Fearing she was ranting from the drugs, I fidgeted on the chair and she admonished me, “That is the problem with you young people. Always in a hurry for the ending, so you miss the good parts.”

“Sorry, grandmother.”

“You should be. Anyway Marie was sitting in her house and the doorbell rang. She opened the door to this old gentleman. Marie mistook him for a friend of her husband. He had a German accent. Only one man in her life did. It was her sea captain. He hadn’t died during the war. He had married his childhood sweetheart. After her death he sought out Marie to tell her that his only desire was to spend the rest of his life with her. And they are living happily ever after. So as sad as you are, one day you’ll love again. Now give me a kiss and fetch that nurse.”

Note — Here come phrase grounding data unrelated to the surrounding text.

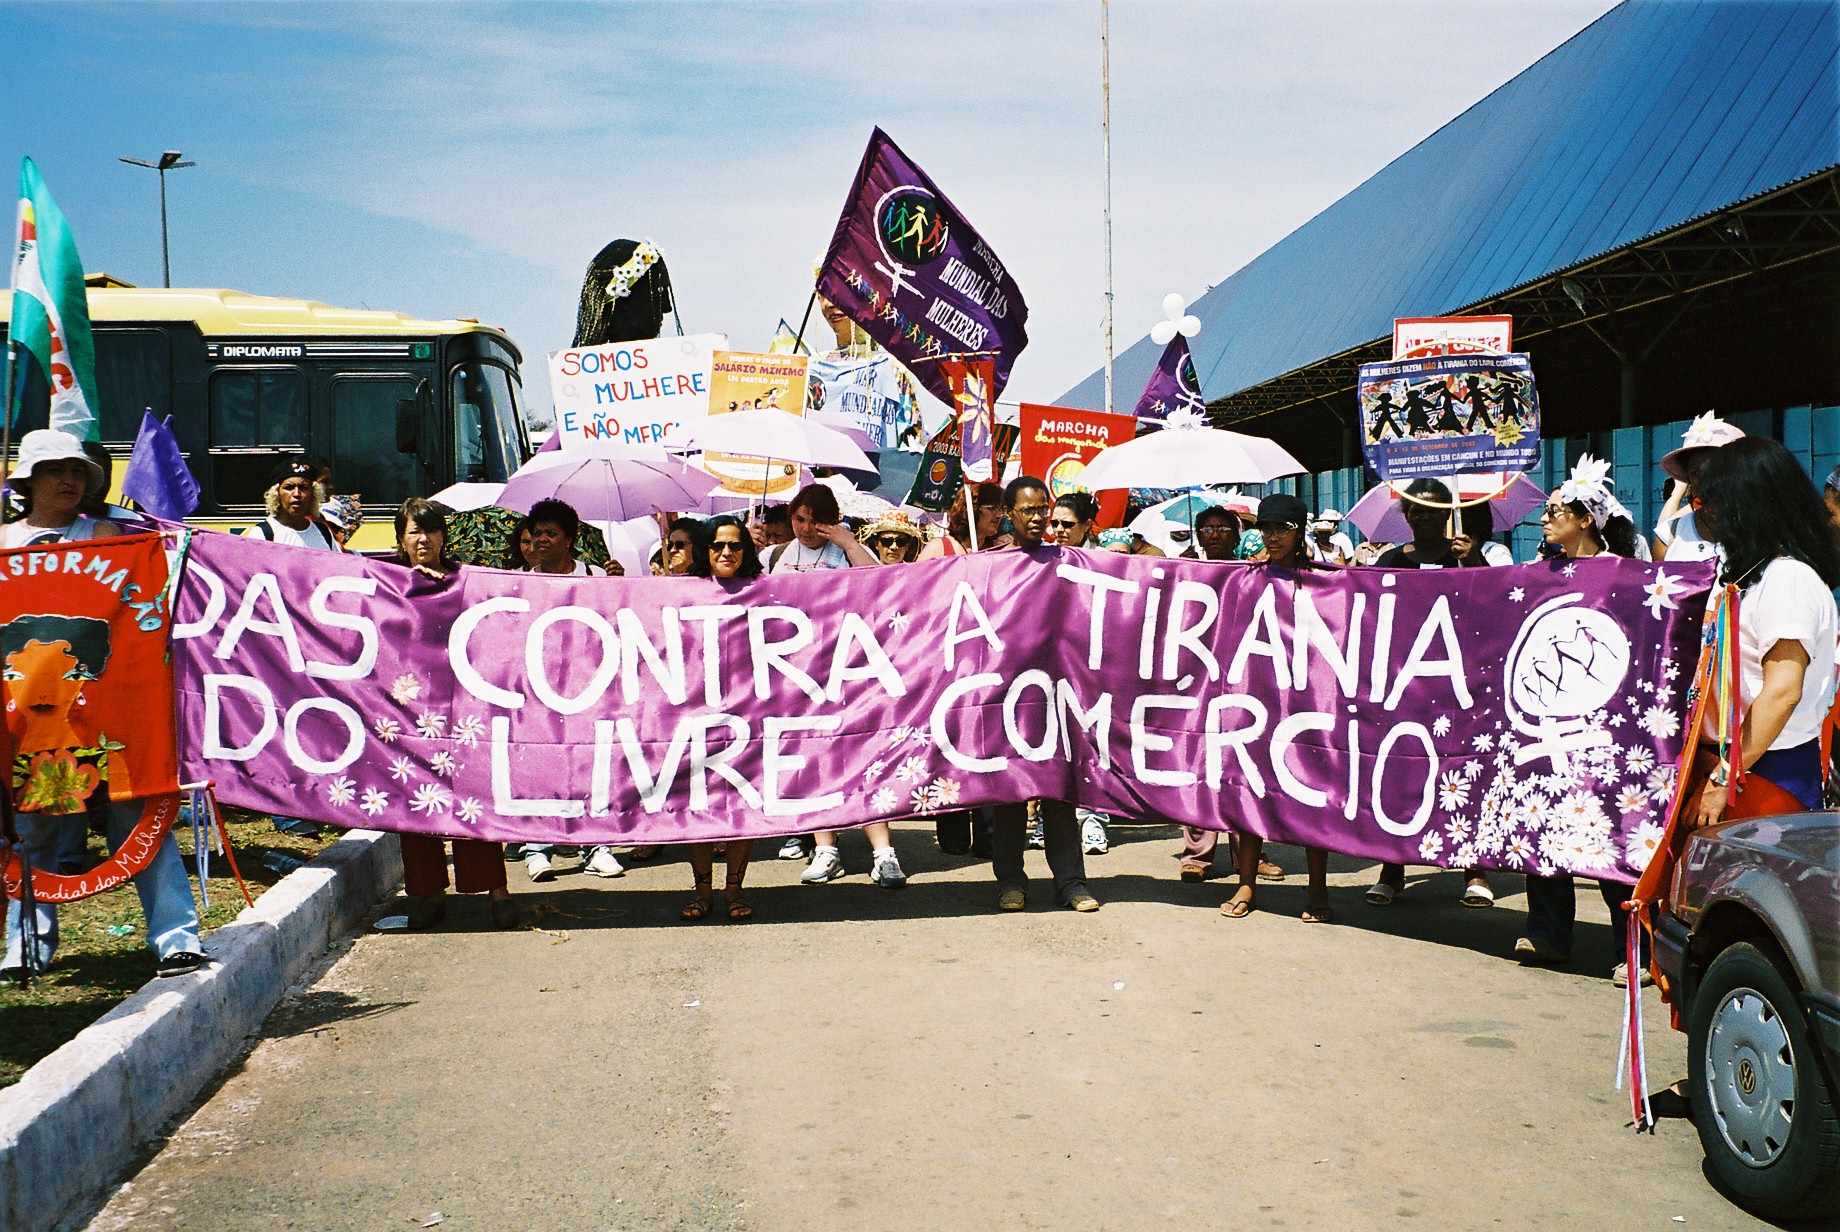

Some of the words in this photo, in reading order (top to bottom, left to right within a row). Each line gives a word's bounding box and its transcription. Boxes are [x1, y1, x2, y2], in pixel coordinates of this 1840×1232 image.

[972, 238, 1004, 284] MARCHA
[938, 256, 991, 306] MUNDIAL
[984, 287, 1008, 319] DAS
[925, 296, 989, 351] MULHERES
[223, 346, 301, 357] DIPLOMATA
[561, 348, 648, 376] SOMOS
[714, 361, 756, 374] SALÁRIO
[760, 364, 805, 377] MÍNIMO
[1370, 366, 1401, 376] MULHERES
[1402, 364, 1422, 373] DIZEM
[1469, 359, 1478, 367] DO
[770, 377, 789, 386] ANOS
[840, 392, 884, 417] MUNDAL
[564, 412, 578, 432] E
[583, 411, 620, 440] NÃO
[624, 422, 679, 444] MERC
[1035, 428, 1055, 443] das
[1041, 419, 1109, 439] MARCHA
[932, 441, 948, 454] 2003
[1388, 454, 1440, 466] MANIFESTAÇÕES
[1441, 453, 1451, 462] EM
[1485, 450, 1494, 458] NO
[1496, 449, 1519, 457] MUNDO
[449, 597, 906, 716] CONTRA
[945, 581, 1004, 672] A
[203, 673, 366, 775] DO
[491, 714, 845, 818] LIVRE
[115, 799, 171, 882] Mulheres
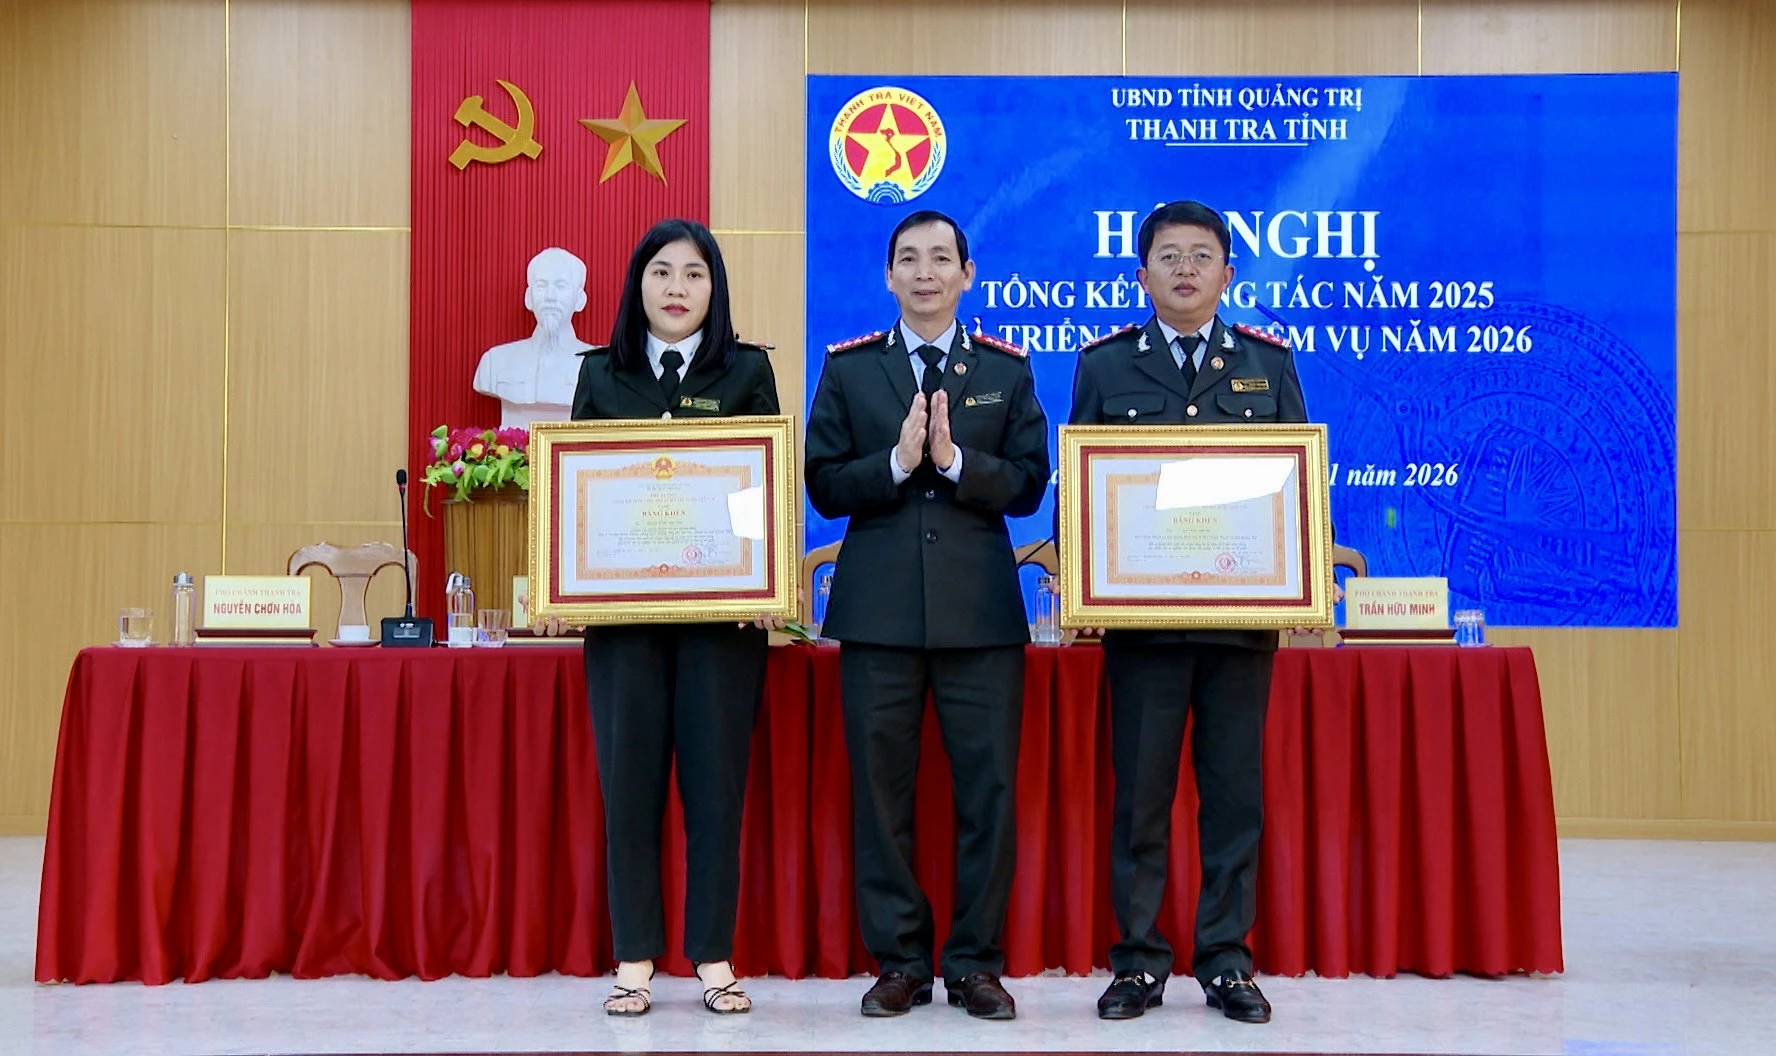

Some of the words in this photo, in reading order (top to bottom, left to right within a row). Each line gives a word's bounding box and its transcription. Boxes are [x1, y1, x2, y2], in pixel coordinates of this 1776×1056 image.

[1111, 88, 1173, 107] UBND
[1178, 83, 1232, 107] TỈNH
[1238, 83, 1319, 111] QUẢNG
[1324, 88, 1362, 112] TRỊ
[834, 99, 865, 133] THANH
[1125, 118, 1217, 140] THANH
[1224, 118, 1277, 140] TRA
[1283, 112, 1348, 140] TỈNH
[1222, 210, 1381, 273] NGHỊ
[980, 273, 1076, 309] TỔNG
[1085, 273, 1147, 309] KẾT
[1265, 274, 1334, 309] TÁC
[1343, 275, 1420, 309] NĂM
[1428, 281, 1495, 310] 2025
[998, 317, 1100, 352] TRIỂN
[1325, 325, 1371, 360] VỤ
[1381, 319, 1457, 353] NĂM
[1466, 325, 1533, 354] 2026
[1346, 464, 1397, 487] năm
[1403, 463, 1459, 487] 2026
[1409, 603, 1435, 616] MINH

I kissed her forehead and brought a nurse to the room. My father said it was time to go and in the parking lot he read the sadness piled atop whatever had happened in Paris. I hadn’t told him anything, but fathers can read their sons and he said, “You be careful. Your grandmother wouldn’t like you hurt.”

“I know.” She would want me to live in order for her to exist in the future.

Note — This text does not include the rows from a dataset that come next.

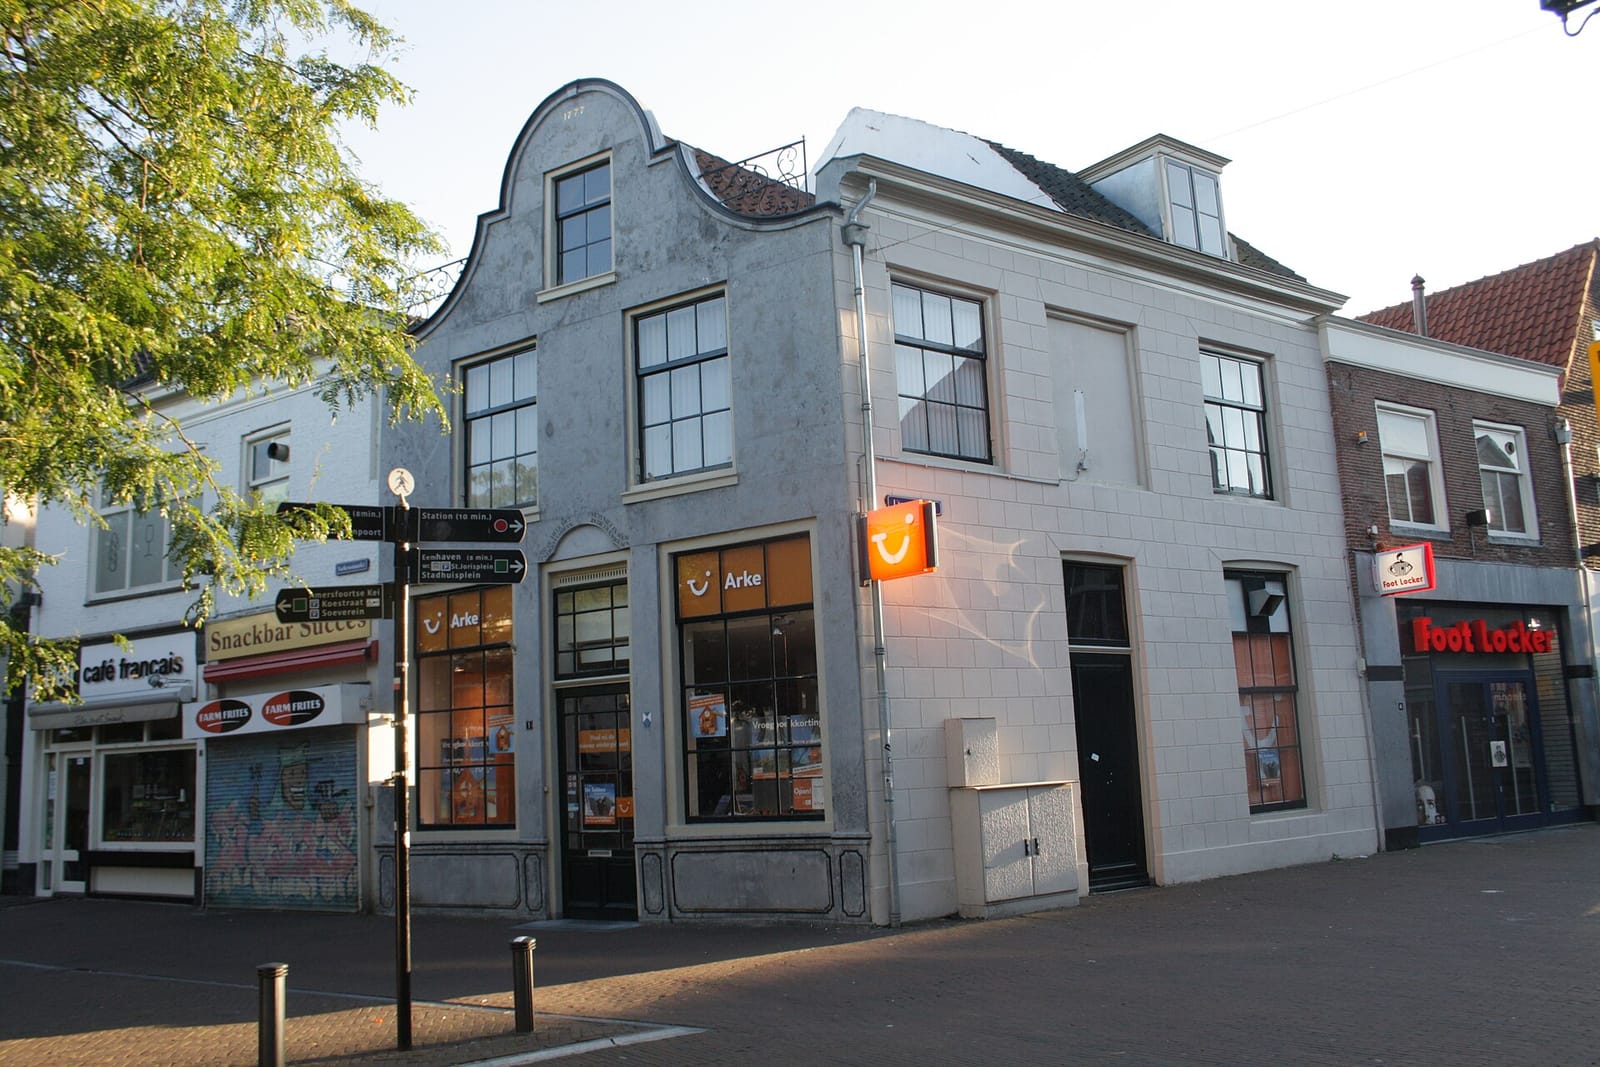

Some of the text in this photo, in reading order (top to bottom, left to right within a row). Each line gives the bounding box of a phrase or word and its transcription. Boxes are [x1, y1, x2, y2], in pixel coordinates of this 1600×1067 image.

[421, 512, 453, 520] Station
[470, 512, 492, 520] min.)
[421, 553, 461, 561] Eemhaven
[421, 571, 481, 580] Stadhuisplein
[724, 570, 762, 590] Arke
[1399, 576, 1424, 586] Locker
[312, 588, 380, 599] mersfoortse Kei
[321, 599, 364, 608] Koestraat
[321, 607, 365, 617] Soeverein
[450, 611, 479, 629] Arke
[210, 619, 366, 652] Snackbar Succes
[1413, 616, 1555, 653] Foot Locker
[83, 658, 115, 683] café
[266, 700, 321, 715] FARM FRITES
[199, 709, 249, 722] FARM FRITES

“She loves you very much.”

Marblehead Harbor was mirror flat. I had sailed it with my grandmother in my uncle’s little Sunfish. Soon she would only exist in memories of Maine.

“She loved you too.”

“How about a plate of fried clams?” He opened his door.

“Sounds good to me.” Winter wasn’t the best season for fried clams and my father’s offer wasn’t a soothing hand on my brow, however fried clams were a good remedy to the sight of another man’s shoes, especially if the Barnacle in Marblehead was open for lunch.

My grandmother was right.

One day I was going to love again and until that day I would have to live like that moment might be the next or else it would pass me by and I was too young to wait as long as Marie to find love again.

When was only a question of time.

I celebrated Christmas with my family. My brothers and sisters sensed my smiles were superficial and asked me to stay, except Boston was too small after Paris and New York.

The Amtrak train took five hours to reach Penn Station. A taxi drove me to East 10th street. My apartment was small after living in Candia’s atelier, but the pizza at Stromboli’s was good and TV was in English. My friends initially greeted me with suspicion, since any absence from the city was regarded an act of treason to New Yorkers.

At the end of January I instructed Serge to sell my share of the club. He warned that this was an imprudent business move. I told him I needed the cash and the money arrived the end of January.

An albino producer hired me to write a screenplay. We spent the winter in the Berkshire Hills, fleshing out a tale about a young mistress inheriting an offshore island in the Keys. He had me sign over the rights to WHERE THE HIGHWAY ENDS for $10,000 and a 1964 Triumph Tiger. The movie never made it to film.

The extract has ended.